→ Work to complete
Without the pictures, copy all the entries below exactly.
_____
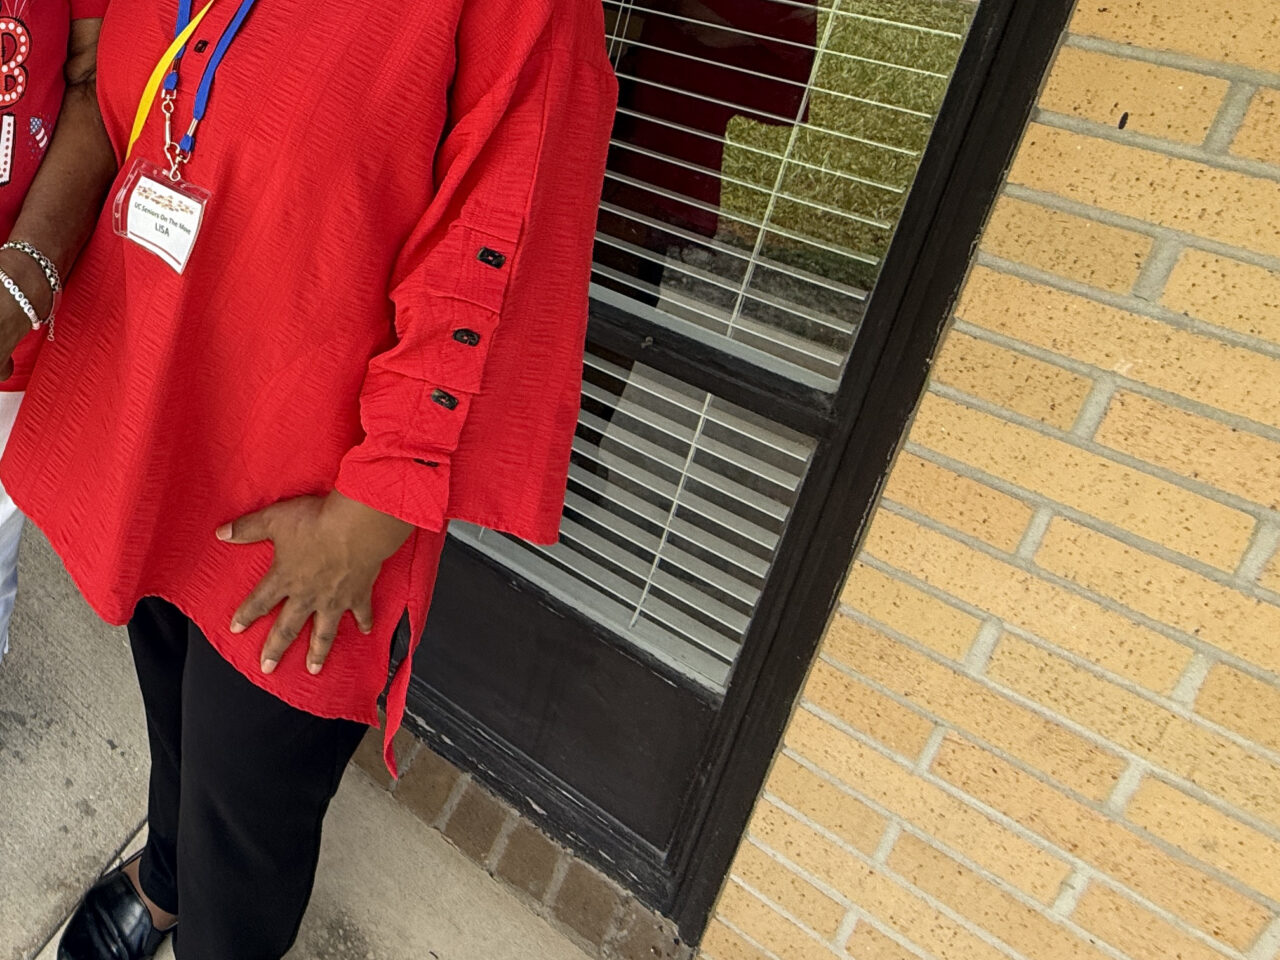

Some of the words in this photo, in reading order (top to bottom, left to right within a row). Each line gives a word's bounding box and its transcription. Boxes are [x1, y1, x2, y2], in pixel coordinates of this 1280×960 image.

[134, 201, 142, 210] UC
[141, 205, 159, 218] Seniors
[160, 214, 168, 222] On
[168, 217, 179, 228] The
[179, 223, 191, 235] Move
[154, 222, 169, 237] LISA
_____
→ Written solution
Some of the words in this photo, in reading order (top to bottom, left to right within a row). Each line gives a word's bounding box and its transcription. Boxes are [x1, y1, x2, y2], in pixel coordinates of this 1280×960 image.

[134, 201, 142, 210] UC
[141, 205, 159, 218] Seniors
[160, 214, 168, 222] On
[168, 217, 179, 228] The
[179, 223, 191, 235] Move
[154, 222, 169, 237] LISA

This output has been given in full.